TRY IT:
Give the records back exactly as written, but without the images.

Data extracted from a collection:
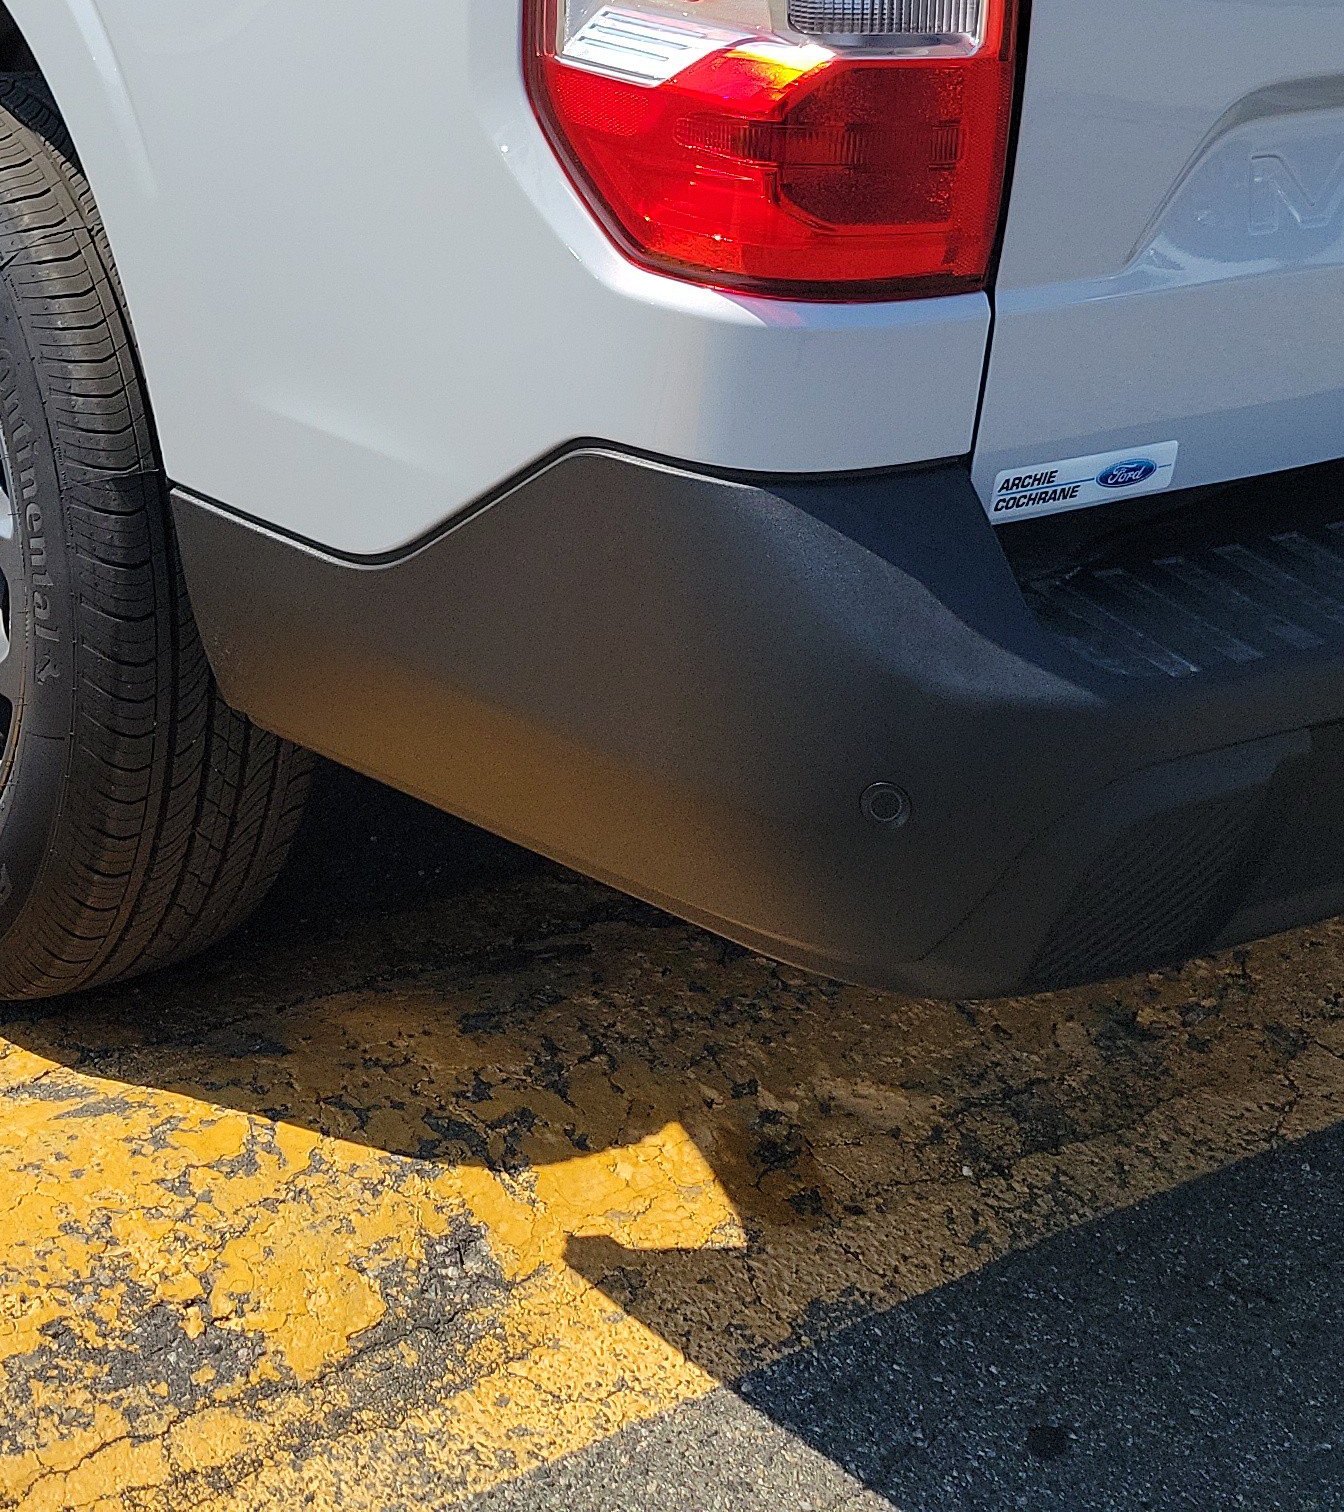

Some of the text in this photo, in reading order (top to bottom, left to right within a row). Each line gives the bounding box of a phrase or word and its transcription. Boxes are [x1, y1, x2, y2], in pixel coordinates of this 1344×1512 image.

[997, 463, 1144, 494] ARCHIE Ford
[993, 484, 1081, 512] COCHRANE
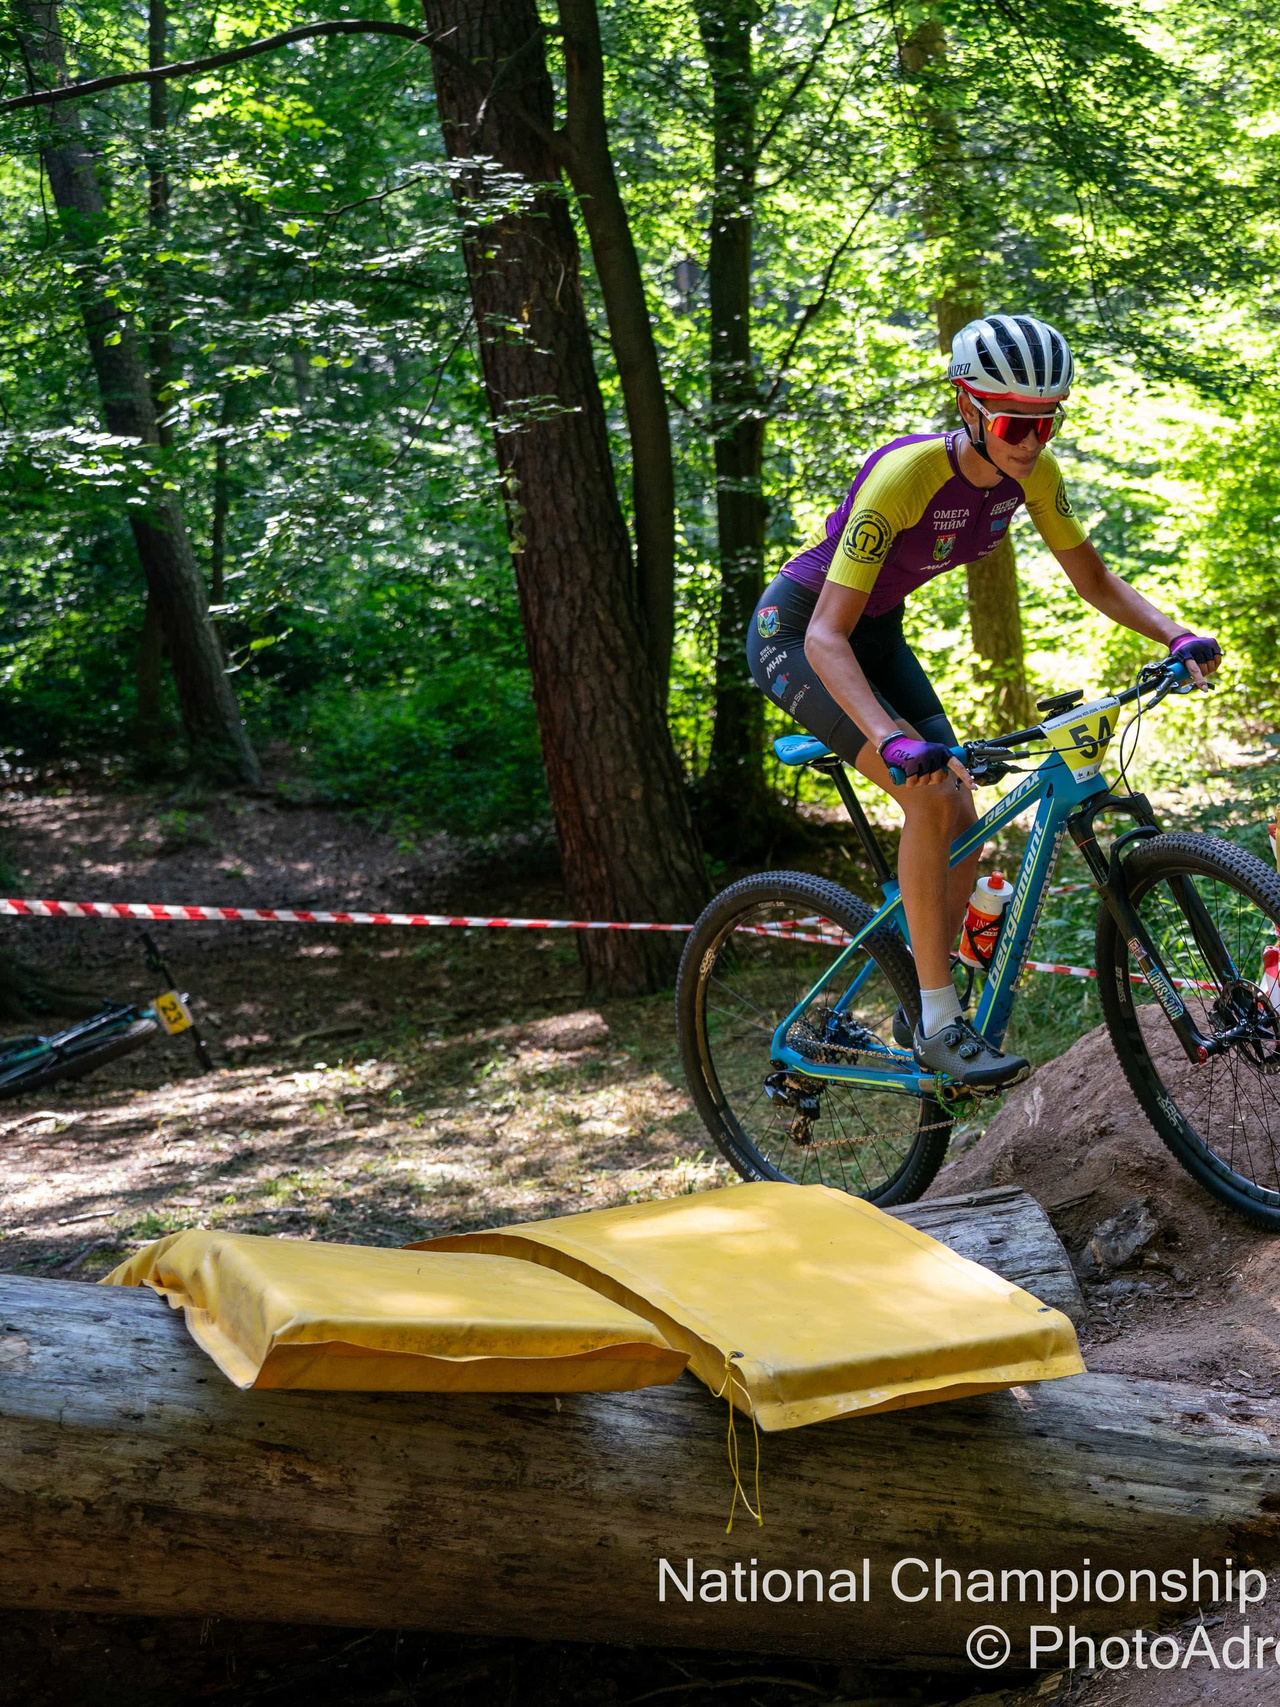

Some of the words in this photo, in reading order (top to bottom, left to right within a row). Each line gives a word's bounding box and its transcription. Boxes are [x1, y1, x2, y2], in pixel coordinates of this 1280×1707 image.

[933, 508, 970, 519] ОМЕГА
[933, 518, 967, 530] ТИЙМ
[1068, 715, 1111, 759] 54
[988, 820, 1043, 990] bergamont
[161, 1001, 183, 1024] 23

FINISHED EXERCISE:
Some of the text in this photo, in reading order (top to bottom, left to right within a row). Each line gives the bounding box of a phrase or word and its transcription. Boxes are [x1, y1, x2, y2], in pixel coordinates of this 1344×1512 image.

[997, 463, 1144, 494] ARCHIE Ford
[993, 484, 1081, 512] COCHRANE

Some of the words in this photo, in reading order (top to bottom, left to right within a row). Each line gives a word's bounding box and its transcription. Boxes are [x1, y1, x2, y2], in pixel coordinates of this 1280×1707 image.

[933, 508, 970, 519] ОМЕГА
[933, 518, 967, 530] ТИЙМ
[1068, 715, 1111, 759] 54
[988, 820, 1043, 990] bergamont
[161, 1001, 183, 1024] 23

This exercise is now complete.